リゼルグがやられた。
あまりの速さに私達は声1つ出ない。
一体何が起こったんだ?
「仲間にすら猜疑心を抱くなんて……愚かだね。隙だらけだったので先に始末させてもらったよ」
「てめェ!!オレのリゼルグに何しやがんだ変態野郎がよォ!!!」
「変態…?キミには負けるよフ、フフ」
カッコイイ場面なのにそのようわからん一言で台無しだ!竜!!
なんて事を考える暇があるなら!とっとと応戦せねば…!
竜の護衛に就かせてもらおうじゃねーか
「遅いよ。醜い者」
やはり敵は早すぎる。瞬時に彼の背後を取り自慢のリーゼントを綺麗に削ぎ落とした。
驚き地面に臥せる竜と、攻撃により力なく倒れ込むリゼルグに駆け寄り急ぎ生存を確認する。
…首から血が出ている。敵さんはどうやら、リゼルグの血液を失神するくらいには噛み付いて吸ったって事か。
まるで吸血鬼じゃあないか。なんてこった。日光浴びても灰になんねー吸血鬼って居んのかよ。チートじゃん。
これ以上危害が加えられんように幾つか獣を召喚する。
私の喚んだ獣達の嗅覚が先か、あの吸血鬼が先か。やってやるよ、畜生。
「……ふむ。善い。とても善い。生娘の生き血を啜ってこその吸血鬼というものだ。お嬢さんには悪いが…使えぬ駒よ。死んでもらおう」
「うっせえよ藪蚊野郎。一生ボウフラと一緒に汚水で暮らしてろ」
「…………汚らしい言葉だ。強がるのはそこまでだと思うがね、紹介しよう。私の持ち霊バンパイアハンターのブラムロだ」
多分私一人では絶対に勝てない。私は後方支援系なんだよ。こうやって前に立ってブイブイやるのはかなり調子のいい時くらいしか出来ない。

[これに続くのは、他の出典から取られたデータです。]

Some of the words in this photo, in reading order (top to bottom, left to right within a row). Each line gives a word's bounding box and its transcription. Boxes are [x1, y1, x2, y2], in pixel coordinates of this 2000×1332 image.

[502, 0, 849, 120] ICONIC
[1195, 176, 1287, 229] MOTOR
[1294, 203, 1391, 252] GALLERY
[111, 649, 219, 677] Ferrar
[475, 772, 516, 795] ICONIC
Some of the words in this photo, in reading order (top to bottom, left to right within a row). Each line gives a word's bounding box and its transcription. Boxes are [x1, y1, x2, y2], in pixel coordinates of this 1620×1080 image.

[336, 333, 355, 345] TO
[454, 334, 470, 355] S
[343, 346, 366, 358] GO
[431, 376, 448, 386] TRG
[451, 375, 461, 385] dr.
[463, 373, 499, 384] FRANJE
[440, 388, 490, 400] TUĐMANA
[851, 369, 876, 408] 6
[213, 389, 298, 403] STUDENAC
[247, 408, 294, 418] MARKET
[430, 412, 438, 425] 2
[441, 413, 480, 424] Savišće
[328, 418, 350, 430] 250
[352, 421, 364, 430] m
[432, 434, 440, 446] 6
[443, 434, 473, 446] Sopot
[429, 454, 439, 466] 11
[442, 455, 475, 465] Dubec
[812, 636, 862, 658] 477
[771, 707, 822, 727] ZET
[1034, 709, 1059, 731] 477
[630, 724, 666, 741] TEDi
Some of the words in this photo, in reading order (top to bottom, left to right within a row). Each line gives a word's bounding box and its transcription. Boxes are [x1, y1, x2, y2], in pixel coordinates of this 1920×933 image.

因みに今は腕もクソ痛えし、後ろに倒れた仲間が居るもんだからかなりプレッシャーで調子は頗る悪い。
「吸血鬼がハンター従えてるってのはまた皮肉なもんで」
「でしょう。あのヴラド・ツェペシュ公の末裔である私の隷属に相応しい持ち霊です」
「生憎、こっちも西洋のアングラオカルトには精通してるもんでよ。あんたら一族はいつまで経っても趣味わりーことばっかりしてんだな。普通に引くわ」
行儀悪く貧乏揺すりをしながらなるべく相手の平常心を損なわせねば。
怒りで隙が出来た時が狙い目だ。あの野郎、調子に乗りやがって。
「成程。左門の名はこちら側でも名高い召喚士シャーマンの家系とお聞きしましたが……やはり凡愚な者の血と混じるのはいけませんな。お嬢さんのような良くないものが生まれる」
「オイ。ボンクラ、そのムカつく名前を出すんじゃねぇよ」
「はぁ…貴女、相当死にたいとお見受けしますねェ」
するりとまた、目にも止まらぬ早さで背後に立ち、私の首元に手をかける。お前が後ろに立つのは分かりきってるんだよ。マヌケの能無しが。
「なんも出来ないなら最初から煽んねーよ」
「!!!」
敵さんのさぞ驚いた顔の面白さ。堪らないね。
ただの貧乏揺すりだと思ってた?残念、簡易陣を書いてたのでした。
しかし即席クオリティ、貧弱な力の下級精霊や獣しか喚べない。尚且つ攻撃力は全くない、けれど怯ませる位は出来るだろうと悪風の魔獣がバリアのように私を包み攻撃を避けることが出来た。
不意打ちに思わず遠のき距離を取る敵さんを見つめ、あとどれ位時間を稼げば最善のことが出来るだろうと考える。
蓮と葉、もう少しで復活する竜の3人なら何とかなる。
しかし敵は1人ではない。後ろにも控えているもんだから、中々容易に蓮達も助太刀が出来ないんだと思う。というかヤッコさん、それが目的だろうな。セコい野郎共だ。